Task directions:
Please return every record exactly, with no pictures included.

Records for the exercise:
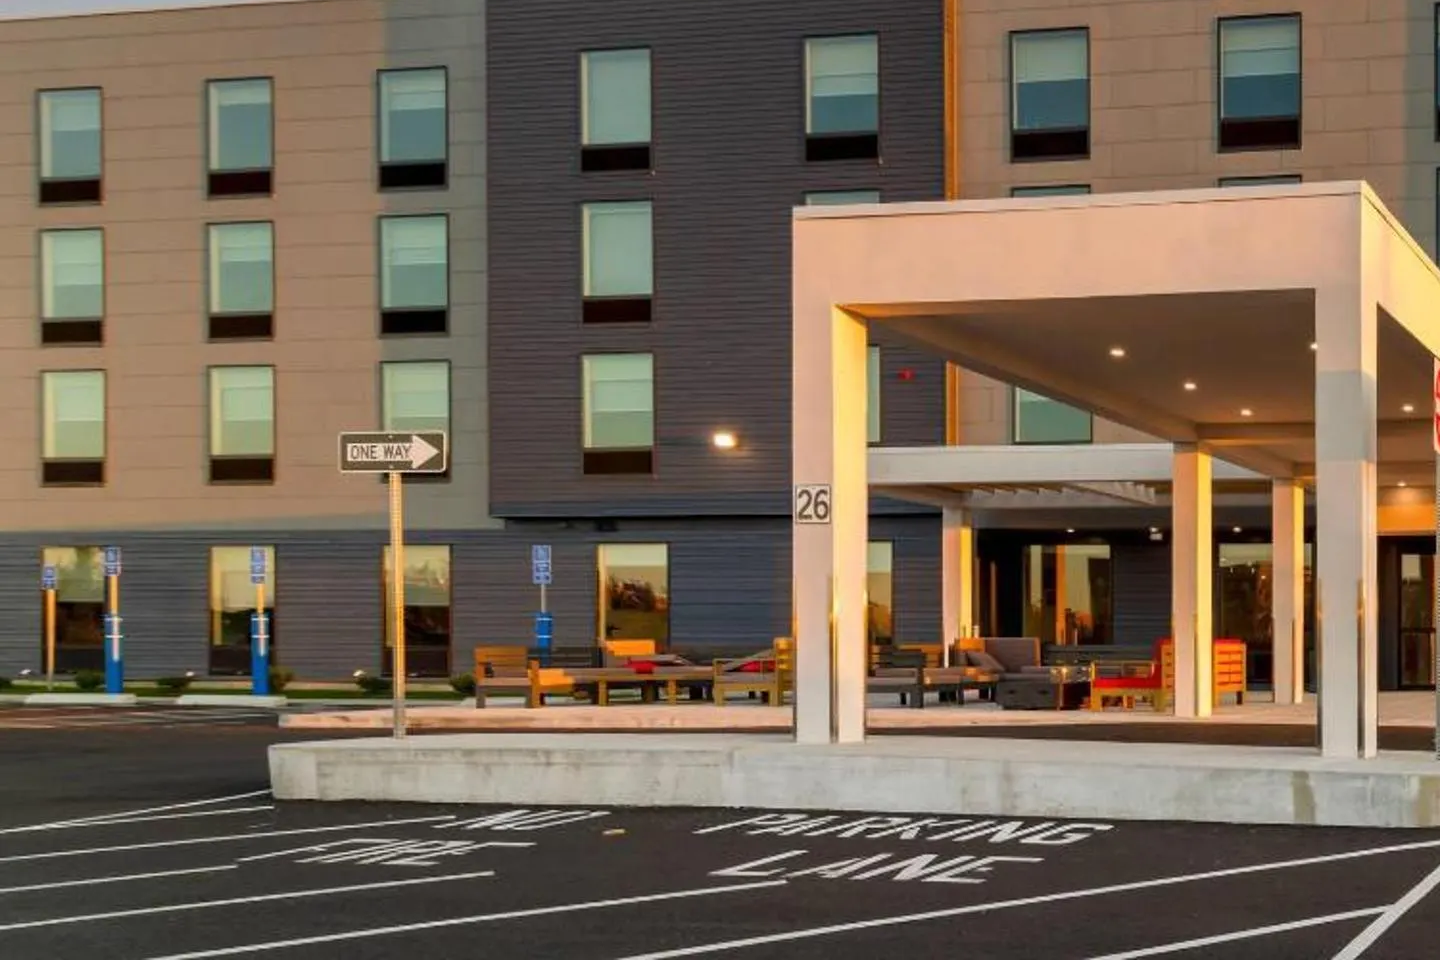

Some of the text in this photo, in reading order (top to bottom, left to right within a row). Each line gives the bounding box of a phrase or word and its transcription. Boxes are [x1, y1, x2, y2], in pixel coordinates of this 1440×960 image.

[350, 443, 412, 460] ONE WAY
[798, 489, 829, 520] 26
[431, 809, 1116, 846] NO PARKING
[235, 838, 1045, 884] FIRE LANE
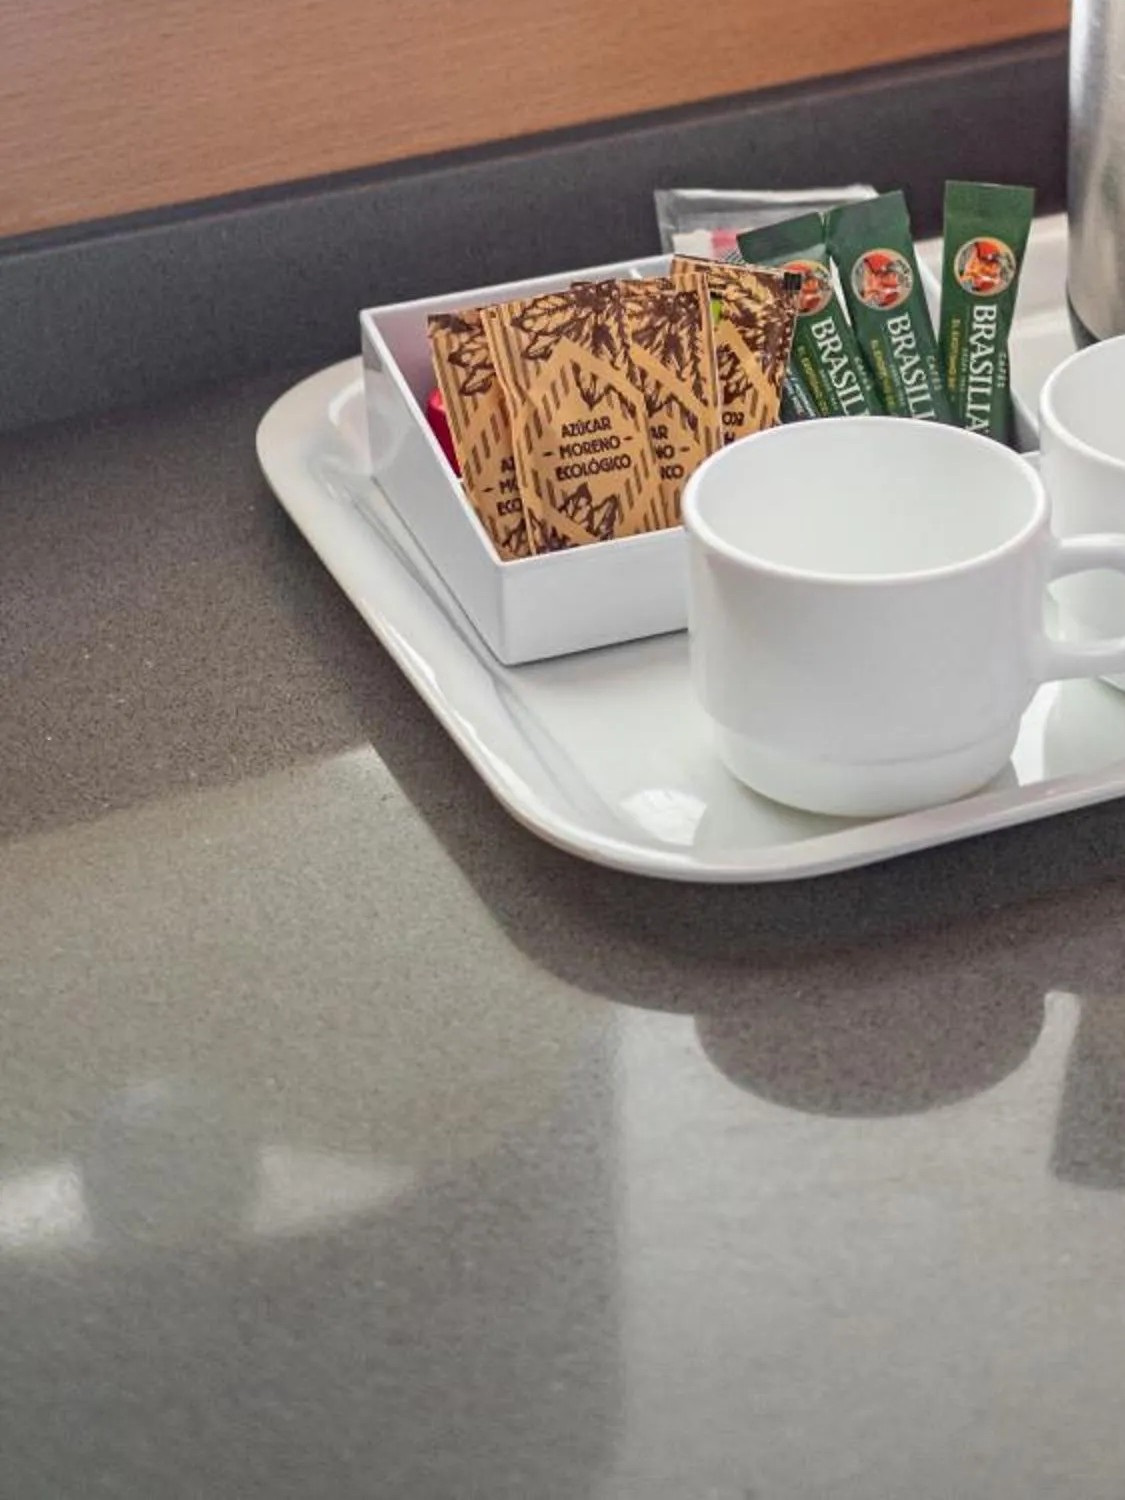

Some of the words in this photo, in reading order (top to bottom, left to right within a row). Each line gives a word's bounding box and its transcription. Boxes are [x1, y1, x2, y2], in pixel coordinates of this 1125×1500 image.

[965, 304, 997, 434] BRASILIA
[561, 415, 612, 438] AZÚCAR
[559, 435, 621, 460] MORENO
[555, 453, 632, 482] ECOLÓGICO
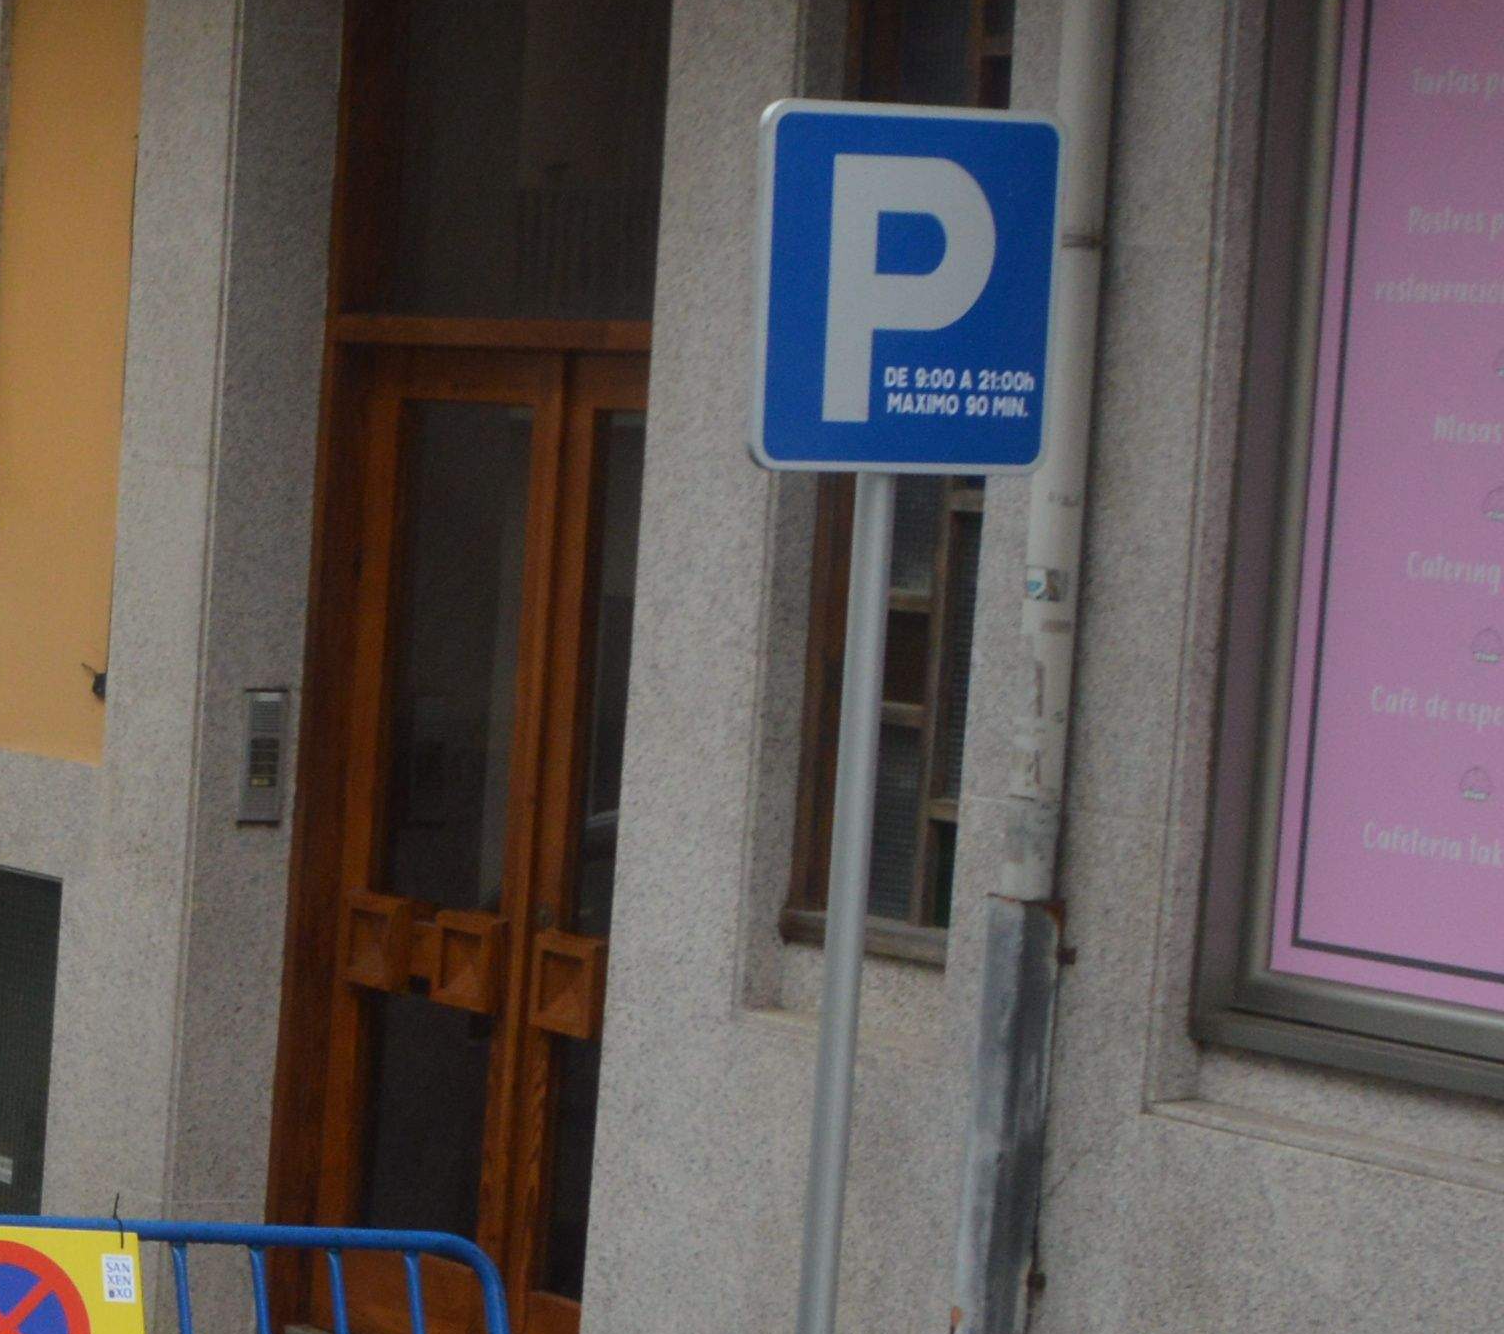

Reply:
Some of the text in this photo, in reading order (top to bottom, left to right within a row). Each line gives the bounding box of a phrase or word and its transcription. Boxes are [x1, y1, x2, y2], in pixel coordinates of this 1440×960 image.

[350, 443, 412, 460] ONE WAY
[798, 489, 829, 520] 26
[431, 809, 1116, 846] NO PARKING
[235, 838, 1045, 884] FIRE LANE

Some of the words in this photo, in reading order (top to bottom, left to right within a row). Each line gives a word's bounding box and its transcription. Boxes are [x1, y1, x2, y2], in pixel coordinates of this 1125×1500 image.

[965, 304, 997, 434] BRASILIA
[561, 415, 612, 438] AZÚCAR
[559, 435, 621, 460] MORENO
[555, 453, 632, 482] ECOLÓGICO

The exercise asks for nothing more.